Arata sat at the table and looked at his palms. The burn marks were fading more slowly than usual. The phoenix craft was working, but the debt was larger than he'd planned for and his hands weren't fully steady if he let them rest flat on the table.
He kept them wrapped around the cup instead.
Shirou put the kettle on without being asked. He moved around the kitchen with the controlled economy of someone managing something they hadn't decided how to handle yet. The silence had texture. Not hostile. The specific weight of a person who had questions and was choosing which one to lead with.
Siegfried stood near the hallway doorway, the wound in his chest still dark, and said nothing. He'd declined the chair Shirou offered with a small movement of his head.

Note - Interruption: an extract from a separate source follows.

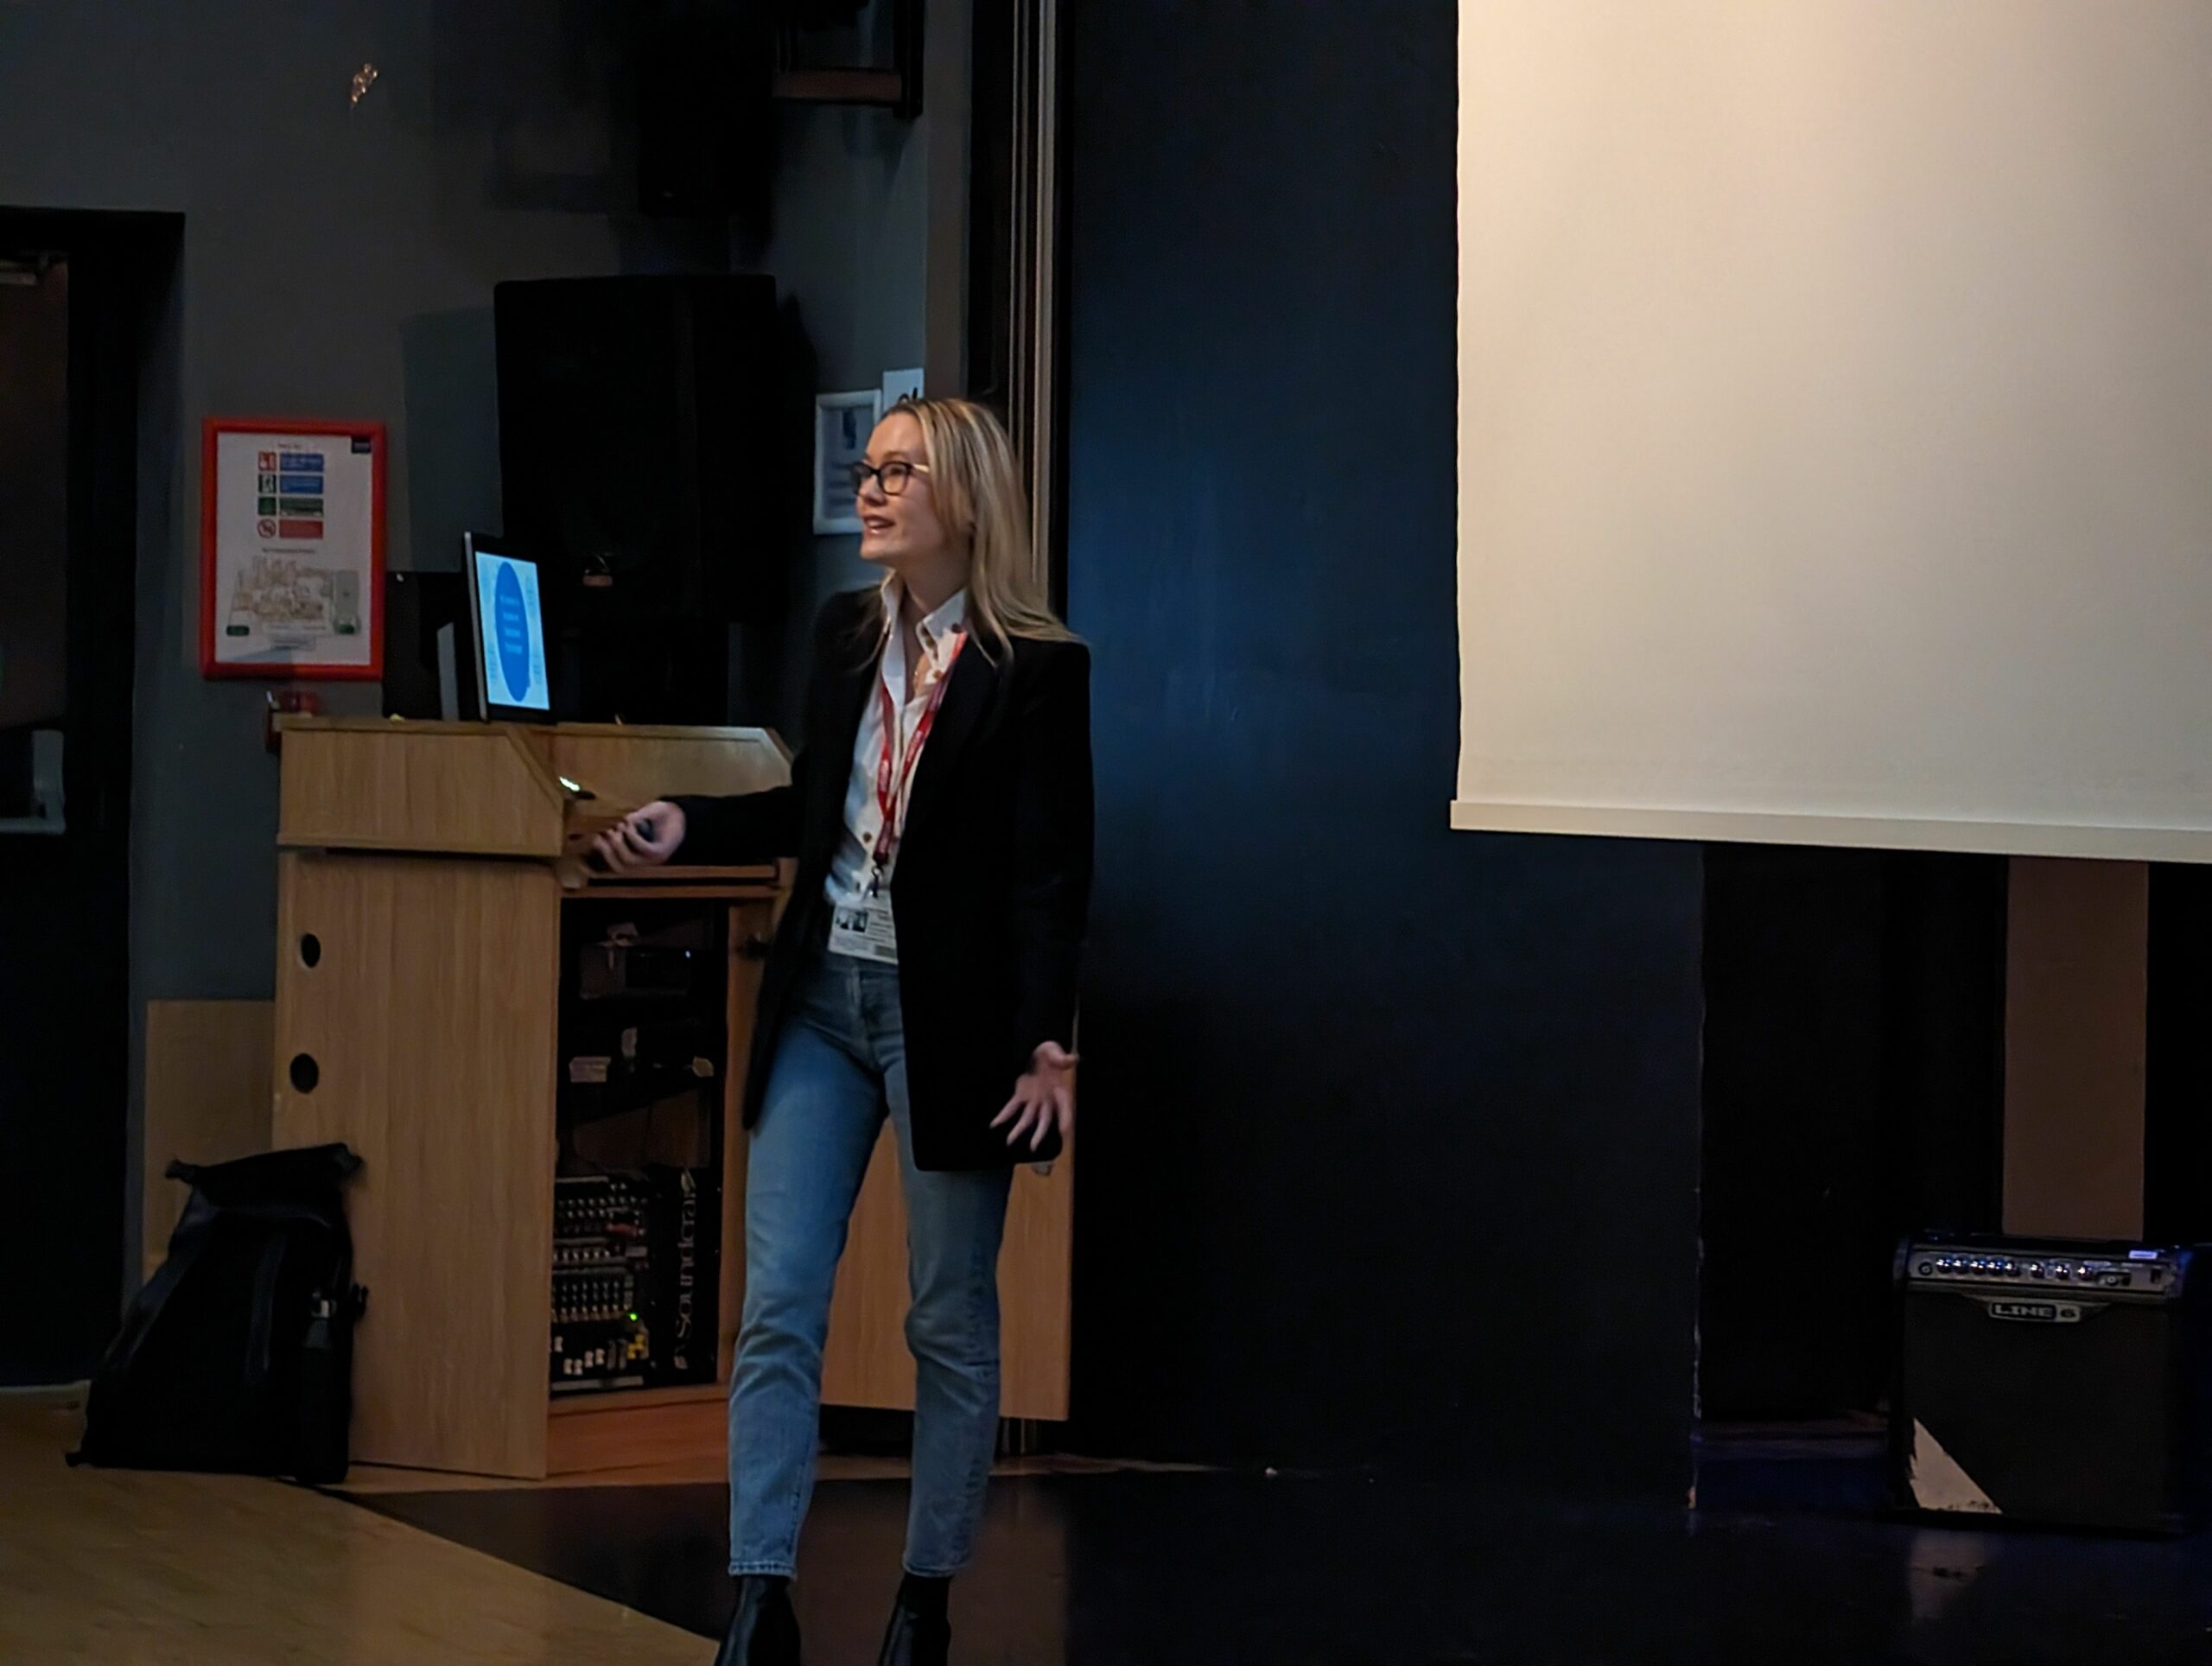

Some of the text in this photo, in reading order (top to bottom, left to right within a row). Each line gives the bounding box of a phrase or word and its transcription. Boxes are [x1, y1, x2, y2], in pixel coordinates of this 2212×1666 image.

The kettle heated. Shirou made two cups, set one in front of Arata, and sat down across from him.
"How long?" Shirou said.
"How long what?"
"Any of it."
"A few years."
Shirou looked at him. Waiting for more.
More didn't come.
"The garage," Shirou said.
"Good acoustics."
"My shed."
"A few times. Year before last."
Something moved behind Shirou's eyes. The specific feeling of realizing a room you know well has a door you never noticed. "You knew my schedule."
"I was careful."
"That's not an answer."
"No," Arata said. "It isn't."
The silence that followed had weight. Shirou sat in it without filling it, which was one of the things about him that made him difficult in a way most people weren't.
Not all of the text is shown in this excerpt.